──────── Data ────────

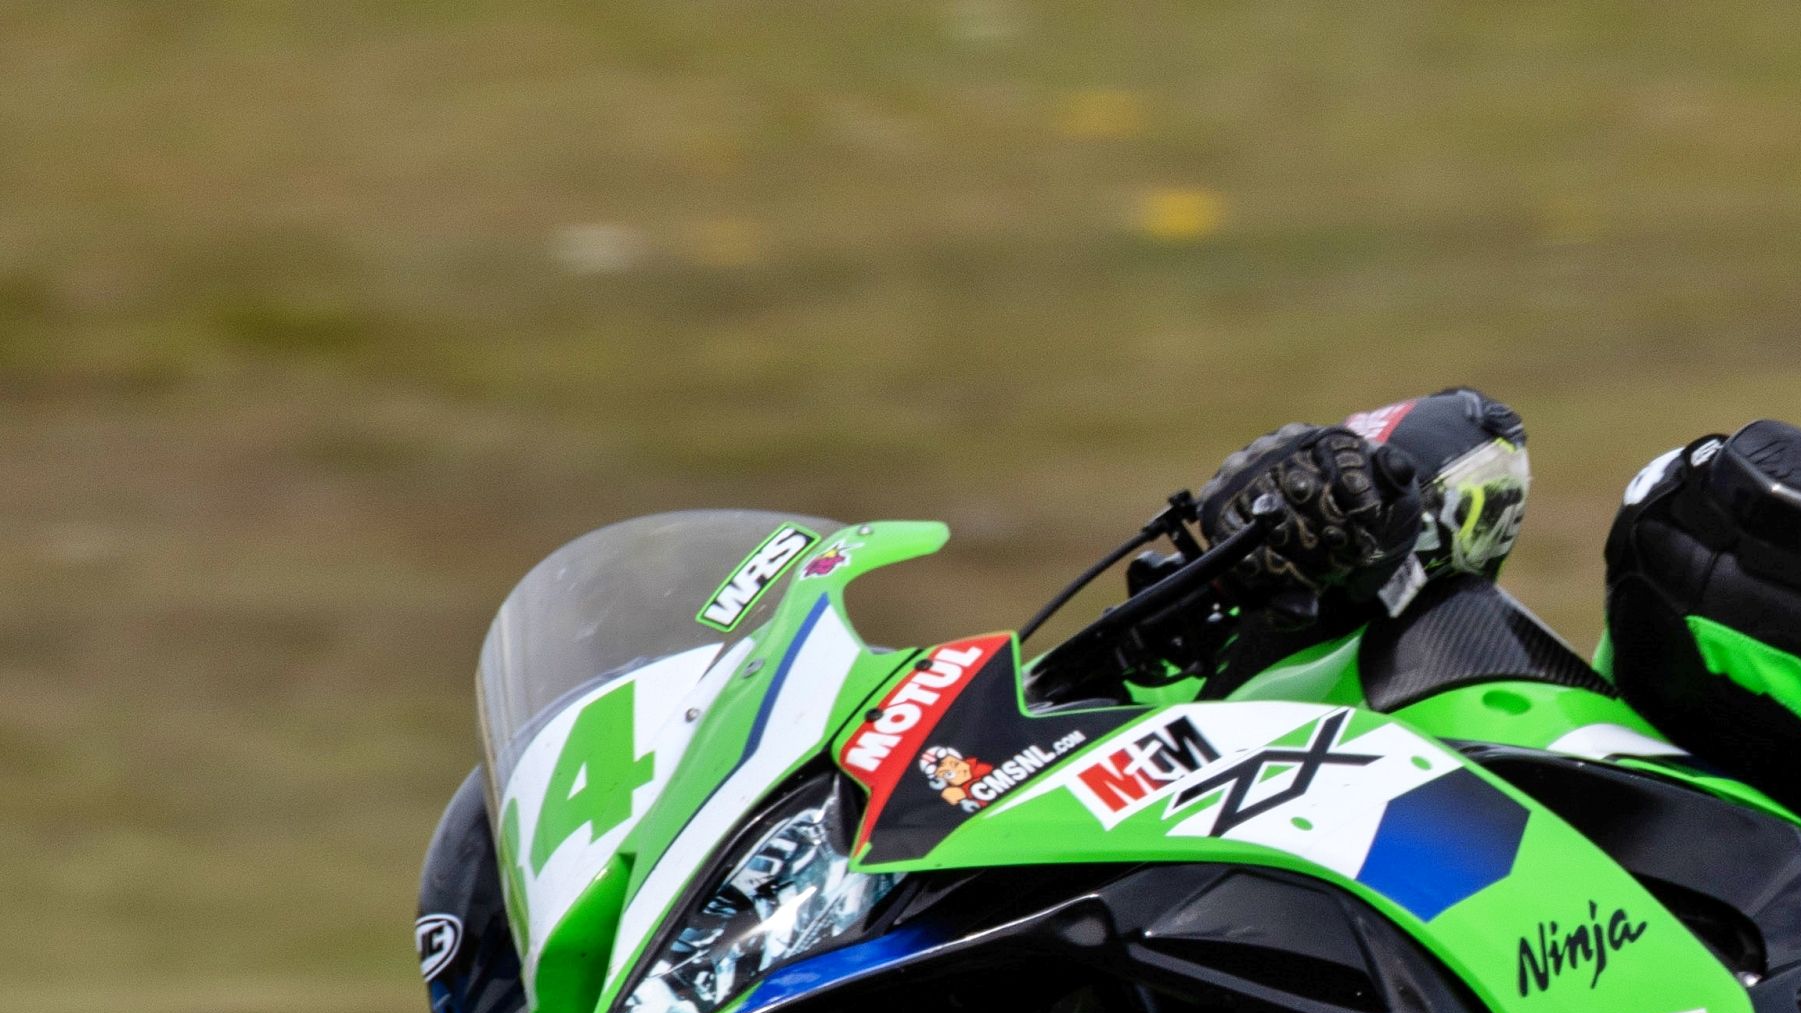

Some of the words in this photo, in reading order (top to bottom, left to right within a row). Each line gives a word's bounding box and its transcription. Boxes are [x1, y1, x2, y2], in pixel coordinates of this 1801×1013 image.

[703, 527, 811, 626] WRS
[846, 645, 984, 773] MOTUL
[1166, 705, 1388, 838] ZX
[1517, 899, 1648, 998] Ninja

────────

Problem statement: Can you retype every record above exactly, leaving out the pictures?

Task response:
Some of the words in this photo, in reading order (top to bottom, left to right within a row). Each line gives a word's bounding box and its transcription. Boxes are [x1, y1, x2, y2], in pixel coordinates of this 1801×1013 image.

[703, 527, 811, 626] WRS
[846, 645, 984, 773] MOTUL
[1166, 705, 1388, 838] ZX
[1517, 899, 1648, 998] Ninja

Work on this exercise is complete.